What to work on: Write out the data below in full. Keep it exact.

Provided records Start Marker

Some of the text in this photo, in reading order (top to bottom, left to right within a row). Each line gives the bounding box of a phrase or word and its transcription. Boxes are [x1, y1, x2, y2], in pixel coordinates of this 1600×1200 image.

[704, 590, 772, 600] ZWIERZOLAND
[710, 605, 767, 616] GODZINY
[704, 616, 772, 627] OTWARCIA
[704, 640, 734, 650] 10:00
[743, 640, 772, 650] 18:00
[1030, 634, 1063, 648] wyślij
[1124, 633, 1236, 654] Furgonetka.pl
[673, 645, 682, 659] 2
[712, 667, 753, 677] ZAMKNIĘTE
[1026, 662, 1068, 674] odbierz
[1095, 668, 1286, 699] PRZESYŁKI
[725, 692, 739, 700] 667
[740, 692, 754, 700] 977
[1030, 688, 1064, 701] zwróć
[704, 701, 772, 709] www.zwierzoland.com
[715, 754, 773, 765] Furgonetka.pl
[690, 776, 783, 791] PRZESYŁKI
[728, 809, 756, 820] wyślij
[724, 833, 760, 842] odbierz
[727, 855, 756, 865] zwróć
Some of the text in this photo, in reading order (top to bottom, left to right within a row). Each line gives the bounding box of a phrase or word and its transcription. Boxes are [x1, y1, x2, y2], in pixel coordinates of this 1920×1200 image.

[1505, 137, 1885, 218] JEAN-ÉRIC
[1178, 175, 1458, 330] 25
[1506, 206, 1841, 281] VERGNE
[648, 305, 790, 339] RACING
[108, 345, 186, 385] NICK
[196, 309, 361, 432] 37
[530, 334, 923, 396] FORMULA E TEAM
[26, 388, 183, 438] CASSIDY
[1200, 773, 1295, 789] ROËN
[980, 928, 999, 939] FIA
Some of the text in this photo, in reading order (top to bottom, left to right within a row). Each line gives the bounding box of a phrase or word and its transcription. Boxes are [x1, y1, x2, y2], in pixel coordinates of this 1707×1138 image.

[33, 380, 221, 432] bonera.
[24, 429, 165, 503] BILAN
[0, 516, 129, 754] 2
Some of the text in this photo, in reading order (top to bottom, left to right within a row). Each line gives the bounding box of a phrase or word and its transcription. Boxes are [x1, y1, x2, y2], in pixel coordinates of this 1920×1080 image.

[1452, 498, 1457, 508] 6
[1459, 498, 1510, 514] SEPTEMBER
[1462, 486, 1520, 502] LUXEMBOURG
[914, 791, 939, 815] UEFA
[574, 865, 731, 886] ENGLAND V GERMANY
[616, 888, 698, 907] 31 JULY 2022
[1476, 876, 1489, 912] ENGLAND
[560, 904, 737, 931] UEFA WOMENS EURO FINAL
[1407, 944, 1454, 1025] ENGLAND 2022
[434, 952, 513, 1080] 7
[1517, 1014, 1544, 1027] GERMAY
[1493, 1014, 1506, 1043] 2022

Provided records End Marker

Written response:
Some of the text in this photo, in reading order (top to bottom, left to right within a row). Each line gives the bounding box of a phrase or word and its transcription. Boxes are [x1, y1, x2, y2], in pixel coordinates of this 1600×1200 image.

[704, 590, 772, 600] ZWIERZOLAND
[710, 605, 767, 616] GODZINY
[704, 616, 772, 627] OTWARCIA
[704, 640, 734, 650] 10:00
[743, 640, 772, 650] 18:00
[1030, 634, 1063, 648] wyślij
[1124, 633, 1236, 654] Furgonetka.pl
[673, 645, 682, 659] 2
[712, 667, 753, 677] ZAMKNIĘTE
[1026, 662, 1068, 674] odbierz
[1095, 668, 1286, 699] PRZESYŁKI
[725, 692, 739, 700] 667
[740, 692, 754, 700] 977
[1030, 688, 1064, 701] zwróć
[704, 701, 772, 709] www.zwierzoland.com
[715, 754, 773, 765] Furgonetka.pl
[690, 776, 783, 791] PRZESYŁKI
[728, 809, 756, 820] wyślij
[724, 833, 760, 842] odbierz
[727, 855, 756, 865] zwróć
Some of the text in this photo, in reading order (top to bottom, left to right within a row). Each line gives the bounding box of a phrase or word and its transcription. Boxes are [x1, y1, x2, y2], in pixel coordinates of this 1920×1200 image.

[1505, 137, 1885, 218] JEAN-ÉRIC
[1178, 175, 1458, 330] 25
[1506, 206, 1841, 281] VERGNE
[648, 305, 790, 339] RACING
[108, 345, 186, 385] NICK
[196, 309, 361, 432] 37
[530, 334, 923, 396] FORMULA E TEAM
[26, 388, 183, 438] CASSIDY
[1200, 773, 1295, 789] ROËN
[980, 928, 999, 939] FIA
Some of the text in this photo, in reading order (top to bottom, left to right within a row). Each line gives the bounding box of a phrase or word and its transcription. Boxes are [x1, y1, x2, y2], in pixel coordinates of this 1707×1138 image.

[33, 380, 221, 432] bonera.
[24, 429, 165, 503] BILAN
[0, 516, 129, 754] 2
Some of the text in this photo, in reading order (top to bottom, left to right within a row). Each line gives the bounding box of a phrase or word and its transcription. Boxes are [x1, y1, x2, y2], in pixel coordinates of this 1920×1080 image.

[1452, 498, 1457, 508] 6
[1459, 498, 1510, 514] SEPTEMBER
[1462, 486, 1520, 502] LUXEMBOURG
[914, 791, 939, 815] UEFA
[574, 865, 731, 886] ENGLAND V GERMANY
[616, 888, 698, 907] 31 JULY 2022
[1476, 876, 1489, 912] ENGLAND
[560, 904, 737, 931] UEFA WOMENS EURO FINAL
[1407, 944, 1454, 1025] ENGLAND 2022
[434, 952, 513, 1080] 7
[1517, 1014, 1544, 1027] GERMAY
[1493, 1014, 1506, 1043] 2022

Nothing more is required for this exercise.